Data for analysis ->
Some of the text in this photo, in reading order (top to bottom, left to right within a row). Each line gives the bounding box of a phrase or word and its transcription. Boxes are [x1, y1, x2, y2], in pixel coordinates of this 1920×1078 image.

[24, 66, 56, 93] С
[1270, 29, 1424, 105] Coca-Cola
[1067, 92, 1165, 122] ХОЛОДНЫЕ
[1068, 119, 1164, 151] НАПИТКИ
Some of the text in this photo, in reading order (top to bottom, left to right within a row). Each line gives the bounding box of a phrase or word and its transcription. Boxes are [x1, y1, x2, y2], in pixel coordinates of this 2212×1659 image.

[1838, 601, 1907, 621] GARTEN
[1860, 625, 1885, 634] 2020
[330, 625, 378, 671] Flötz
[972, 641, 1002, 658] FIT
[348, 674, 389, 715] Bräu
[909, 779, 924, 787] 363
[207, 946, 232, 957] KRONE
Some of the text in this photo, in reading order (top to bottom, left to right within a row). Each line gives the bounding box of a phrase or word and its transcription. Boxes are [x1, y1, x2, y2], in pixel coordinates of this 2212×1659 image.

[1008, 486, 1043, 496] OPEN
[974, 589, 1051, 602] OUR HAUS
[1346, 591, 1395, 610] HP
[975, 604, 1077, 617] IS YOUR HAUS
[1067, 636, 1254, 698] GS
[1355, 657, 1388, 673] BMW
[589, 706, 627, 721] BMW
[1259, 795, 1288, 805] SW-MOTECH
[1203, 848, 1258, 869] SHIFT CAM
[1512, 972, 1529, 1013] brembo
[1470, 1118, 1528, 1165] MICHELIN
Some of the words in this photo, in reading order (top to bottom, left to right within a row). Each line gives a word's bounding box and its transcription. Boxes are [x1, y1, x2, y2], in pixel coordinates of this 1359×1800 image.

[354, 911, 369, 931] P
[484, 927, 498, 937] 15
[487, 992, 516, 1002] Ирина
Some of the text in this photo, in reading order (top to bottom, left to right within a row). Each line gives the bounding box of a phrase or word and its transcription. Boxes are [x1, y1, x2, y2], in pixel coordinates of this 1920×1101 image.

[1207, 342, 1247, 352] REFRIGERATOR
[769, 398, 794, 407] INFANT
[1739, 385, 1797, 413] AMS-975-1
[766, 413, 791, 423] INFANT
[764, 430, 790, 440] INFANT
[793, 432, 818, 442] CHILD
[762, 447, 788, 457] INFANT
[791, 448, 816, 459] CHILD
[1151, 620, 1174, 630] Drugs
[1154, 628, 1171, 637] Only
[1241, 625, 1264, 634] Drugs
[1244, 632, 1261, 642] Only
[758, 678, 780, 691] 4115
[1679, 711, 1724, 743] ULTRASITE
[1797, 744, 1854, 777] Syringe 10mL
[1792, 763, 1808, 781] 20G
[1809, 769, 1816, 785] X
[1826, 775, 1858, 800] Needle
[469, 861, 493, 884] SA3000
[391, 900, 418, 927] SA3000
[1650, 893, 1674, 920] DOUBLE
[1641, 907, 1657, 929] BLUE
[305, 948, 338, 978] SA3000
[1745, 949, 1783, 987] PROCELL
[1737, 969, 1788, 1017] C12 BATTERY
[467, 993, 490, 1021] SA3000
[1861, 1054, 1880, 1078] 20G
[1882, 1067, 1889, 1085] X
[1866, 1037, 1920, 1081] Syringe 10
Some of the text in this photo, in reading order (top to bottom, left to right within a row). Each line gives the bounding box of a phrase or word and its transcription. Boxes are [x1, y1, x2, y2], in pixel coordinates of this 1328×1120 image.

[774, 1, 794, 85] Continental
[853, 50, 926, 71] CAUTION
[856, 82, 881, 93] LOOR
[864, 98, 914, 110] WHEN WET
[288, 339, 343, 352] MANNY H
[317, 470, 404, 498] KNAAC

Assignment -> The line containing "Some of the words" marks the start. Repeat it and every line after it to the end of the listing above, exactly.

Response area ->
Some of the words in this photo, in reading order (top to bottom, left to right within a row). Each line gives a word's bounding box and its transcription. Boxes are [x1, y1, x2, y2], in pixel coordinates of this 1359×1800 image.

[354, 911, 369, 931] P
[484, 927, 498, 937] 15
[487, 992, 516, 1002] Ирина
Some of the text in this photo, in reading order (top to bottom, left to right within a row). Each line gives the bounding box of a phrase or word and its transcription. Boxes are [x1, y1, x2, y2], in pixel coordinates of this 1920×1101 image.

[1207, 342, 1247, 352] REFRIGERATOR
[769, 398, 794, 407] INFANT
[1739, 385, 1797, 413] AMS-975-1
[766, 413, 791, 423] INFANT
[764, 430, 790, 440] INFANT
[793, 432, 818, 442] CHILD
[762, 447, 788, 457] INFANT
[791, 448, 816, 459] CHILD
[1151, 620, 1174, 630] Drugs
[1154, 628, 1171, 637] Only
[1241, 625, 1264, 634] Drugs
[1244, 632, 1261, 642] Only
[758, 678, 780, 691] 4115
[1679, 711, 1724, 743] ULTRASITE
[1797, 744, 1854, 777] Syringe 10mL
[1792, 763, 1808, 781] 20G
[1809, 769, 1816, 785] X
[1826, 775, 1858, 800] Needle
[469, 861, 493, 884] SA3000
[391, 900, 418, 927] SA3000
[1650, 893, 1674, 920] DOUBLE
[1641, 907, 1657, 929] BLUE
[305, 948, 338, 978] SA3000
[1745, 949, 1783, 987] PROCELL
[1737, 969, 1788, 1017] C12 BATTERY
[467, 993, 490, 1021] SA3000
[1861, 1054, 1880, 1078] 20G
[1882, 1067, 1889, 1085] X
[1866, 1037, 1920, 1081] Syringe 10
Some of the text in this photo, in reading order (top to bottom, left to right within a row). Each line gives the bounding box of a phrase or word and its transcription. Boxes are [x1, y1, x2, y2], in pixel coordinates of this 1328×1120 image.

[774, 1, 794, 85] Continental
[853, 50, 926, 71] CAUTION
[856, 82, 881, 93] LOOR
[864, 98, 914, 110] WHEN WET
[288, 339, 343, 352] MANNY H
[317, 470, 404, 498] KNAAC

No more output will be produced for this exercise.